Moroccans residing abroad represent more than 10% of the total population of the nation’s kingdom, amounting to more than 3 million people. Algerians living abroad number 7 million while Tunisians represent a figure closer to 1.2 million. More than 80% of the Maghrebi diaspora reside in France. The main objective of the symposium organized by Ipemed on May 15, 2014 in the French senate was to raise awareness that this diaspora, with its diverse and varied skills—such as business leaders, academics, researchers, doctors, etc. This goal and angle of approach remain insufficiently considered in the development of host countries or countries of origin, unlike other regions of the world. The rise of Bangalore, the Indian Silicon Valley, was made possible thanks to the emigration of young Indian engineers to California’s Silicon Valley and their return to the country.

These exchanges can not be confined to material flows; it is above all a question of allowing increased mobility of people to support vocational training and research.

This basin is one of the most sensitive areas in the world where multiple countries and their fates define the phenomenon of migration. Since the 1990s, there has been a presence of a two-tier migratory model.

The analysis of macroeconomic data reveals that developed and emerging countries are the main beneficiaries of the knowledge market. Migratory globalization is characterized by the complexity of new flows (elites, gender, minors, refugees) increasingly graduating but subject to less and less transparent rules of functioning. All these cross-border mobilities highlight the renewal of migration, feminization, and rejuvenation, which mainly concern highly skilled work. These are chosen according to the niches of specializations induced by new information and communication technologies, which require new skills. They are often recruited through international competitive bidding. To be even more performing, multinational firms. The Mediterranean is a new frontier between the developed world and the developing world. Performance as a new challenge to competitiveness encompasses new social, economic and cultural dimensions that go beyond the mere framework of labor mobility. This deterioration of men is also a family uprooting and a projection into the unknown. 

The guidelines for these new mobilities must be part of an ethical cooperation and, in particular, for highly skilled workers, seasonal workers, persons transferred within their companies and paid trainees. But in all cases, admissions remain subject to the holding of a contract of employment and to an examination by the member state of its economic needs.

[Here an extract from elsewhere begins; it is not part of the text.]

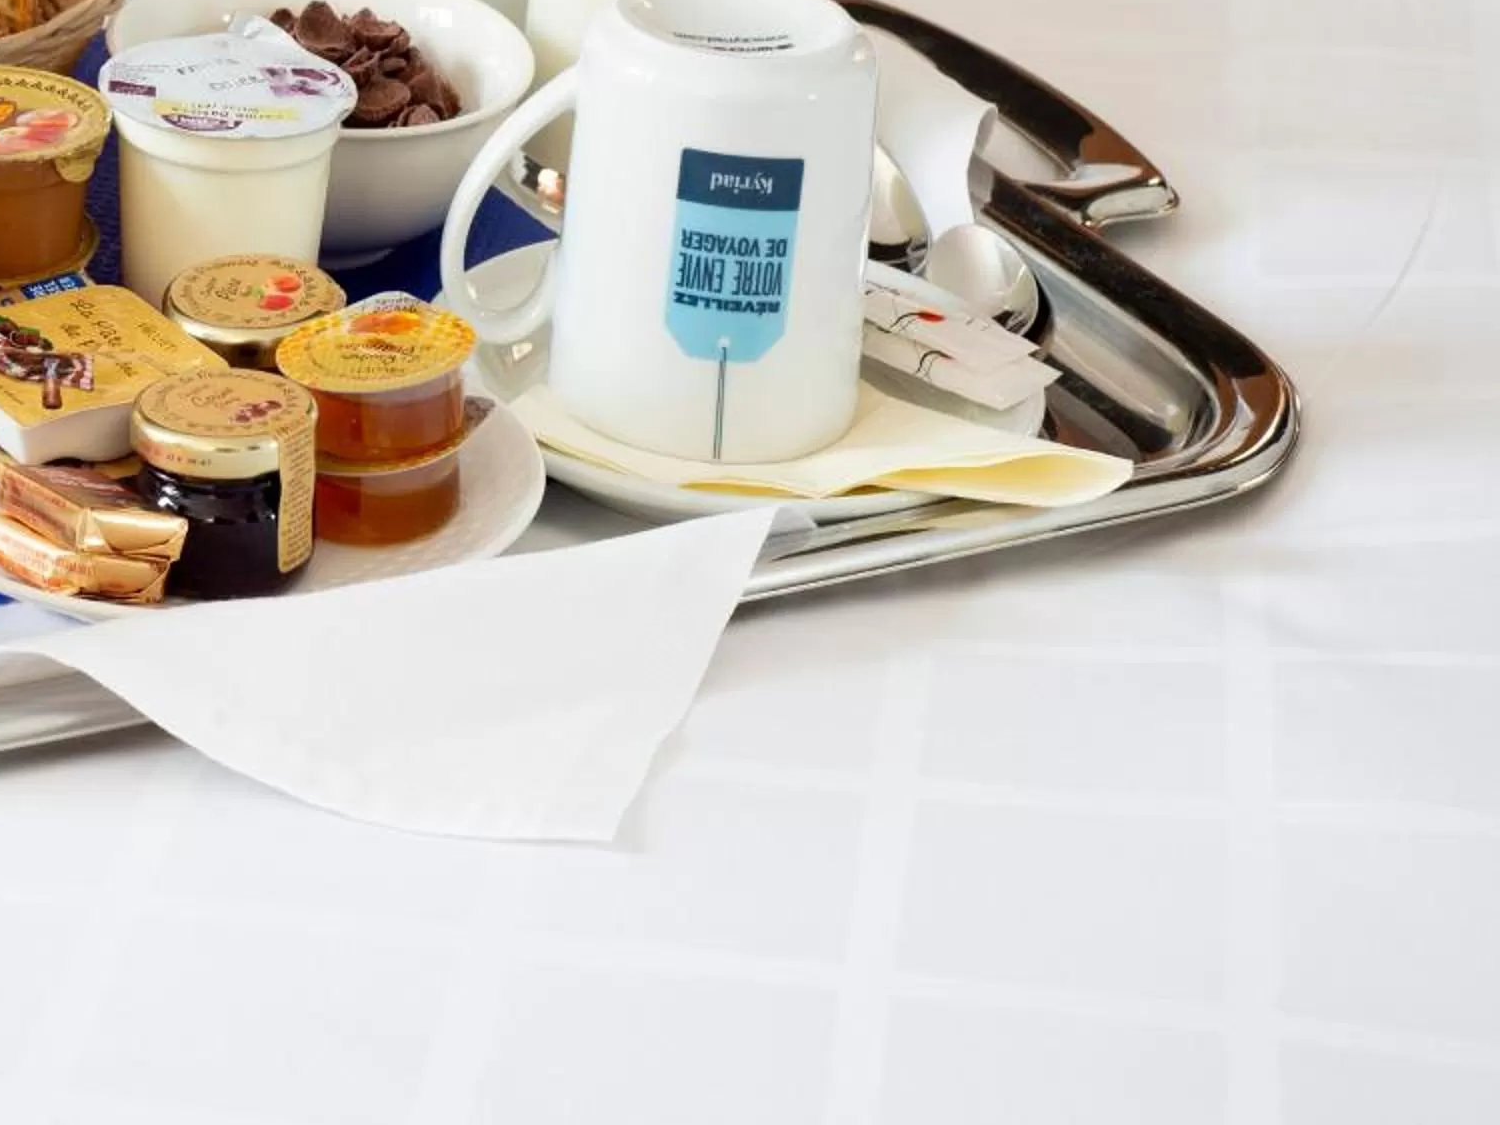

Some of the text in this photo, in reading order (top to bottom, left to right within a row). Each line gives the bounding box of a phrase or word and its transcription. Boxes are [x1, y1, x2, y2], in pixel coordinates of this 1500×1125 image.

[708, 170, 774, 196] Kyriad
[680, 228, 788, 258] DE VOYAGER
[675, 252, 784, 296] VOTRE ENVIE
[673, 292, 781, 317] RÉVEILLEZ

All this free circulation is controlled by the invisible hand of the states and the multinational firms which organize thus a legalized looting of the knowledge and the know-how of the South. In 25 years, Africa will have emptied its brains, a gloomy prospect for Africa especially for its social, scientific and technological development. The paradox is that while departures have reached 20,000 per year since 1990, Africa uses foreign experts of up to 150,000 annually, spending an annual expense of $4 billion. This perpetual flight of skilled labor increases the gap between Africa and the continents in science and technology. European attractiveness contributes to the poaching of elites.